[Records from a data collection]

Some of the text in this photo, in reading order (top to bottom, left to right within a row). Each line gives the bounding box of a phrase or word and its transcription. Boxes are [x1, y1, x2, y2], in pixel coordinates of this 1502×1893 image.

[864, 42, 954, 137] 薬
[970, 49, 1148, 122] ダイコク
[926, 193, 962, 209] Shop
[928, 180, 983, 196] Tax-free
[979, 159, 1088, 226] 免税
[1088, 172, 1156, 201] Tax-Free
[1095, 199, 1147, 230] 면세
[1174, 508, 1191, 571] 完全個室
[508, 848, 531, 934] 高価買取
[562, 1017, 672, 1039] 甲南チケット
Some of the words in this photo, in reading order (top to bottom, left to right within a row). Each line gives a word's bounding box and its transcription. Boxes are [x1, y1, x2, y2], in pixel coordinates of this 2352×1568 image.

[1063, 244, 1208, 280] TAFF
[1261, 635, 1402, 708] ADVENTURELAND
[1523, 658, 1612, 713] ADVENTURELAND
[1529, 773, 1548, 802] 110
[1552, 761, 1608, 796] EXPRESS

• [Activity]
Transcribe the records above exactly, but only from the line that contains "Some of the words" through their final line, inclusive.

• [Solution]
Some of the words in this photo, in reading order (top to bottom, left to right within a row). Each line gives a word's bounding box and its transcription. Boxes are [x1, y1, x2, y2], in pixel coordinates of this 2352×1568 image.

[1063, 244, 1208, 280] TAFF
[1261, 635, 1402, 708] ADVENTURELAND
[1523, 658, 1612, 713] ADVENTURELAND
[1529, 773, 1548, 802] 110
[1552, 761, 1608, 796] EXPRESS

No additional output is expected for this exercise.